L'essentiel : Le montant de la dette française vient de dépasser les 3 500 milliards d'euros. Cette année, l'État prévoit un budget de 1 735 milliards d'euros pour ses services publics et le remboursement de ses engagements.
La question de l'argent public est devenue cruciale dans les discussions politiques. En 2026, les dépenses publiques de la France atteindront environ 1 735 milliards d'euros, représentant près de 56,9 % du PIB national.

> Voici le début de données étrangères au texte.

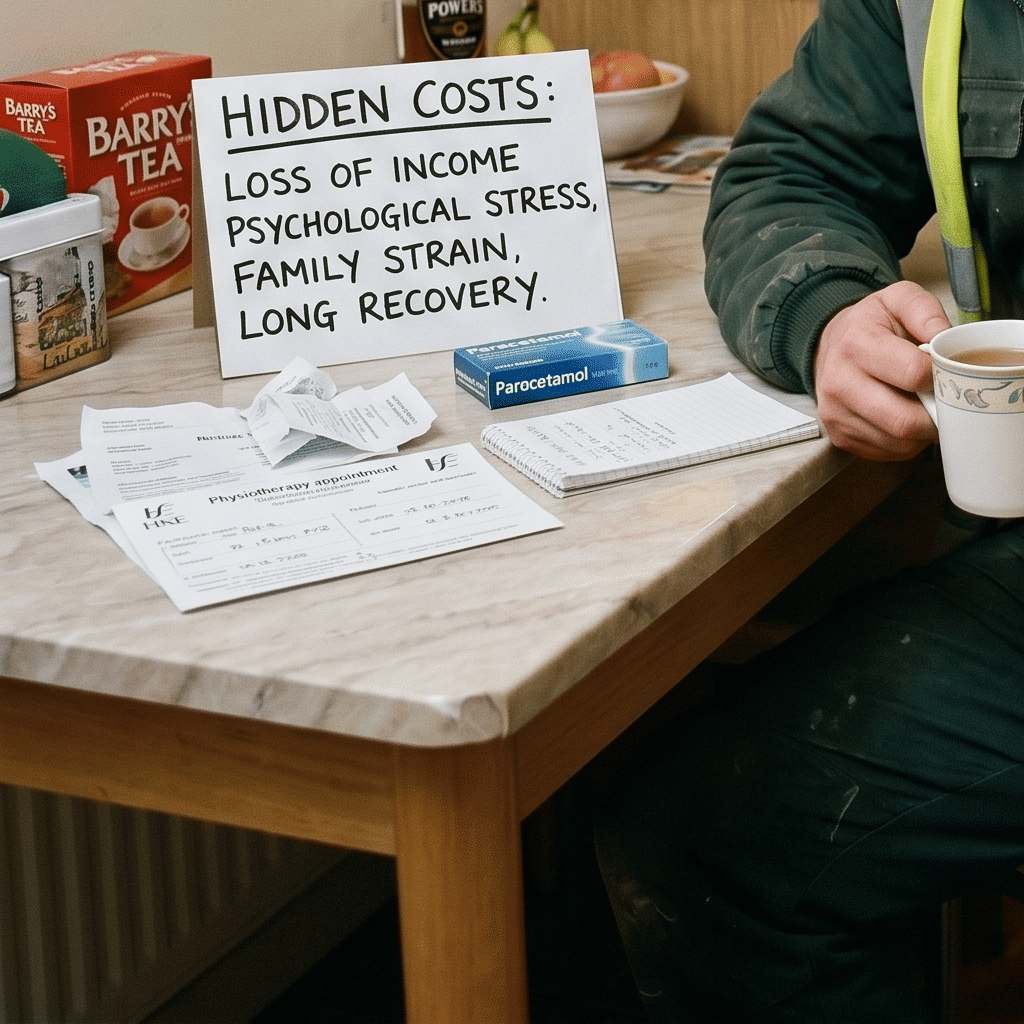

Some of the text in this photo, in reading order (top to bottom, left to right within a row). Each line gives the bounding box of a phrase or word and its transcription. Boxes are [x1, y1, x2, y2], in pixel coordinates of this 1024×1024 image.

Cette somme gigantesque est principalement allouée au financement des services publics et à notre modèle social.
Le modèle social au premier plan
La protection sociale, en particulier, capte une grande partie des ressources nationales. Les retraites et les dépenses liées à la vieillesse absorbent entre 390 et 400 milliards d'euros, soit presque un quart du budget public. D'autre part, le secteur de la santé et des soins représente environ 265 milliards d'euros, destinés à soutenir les hôpitaux et le remboursement des soins.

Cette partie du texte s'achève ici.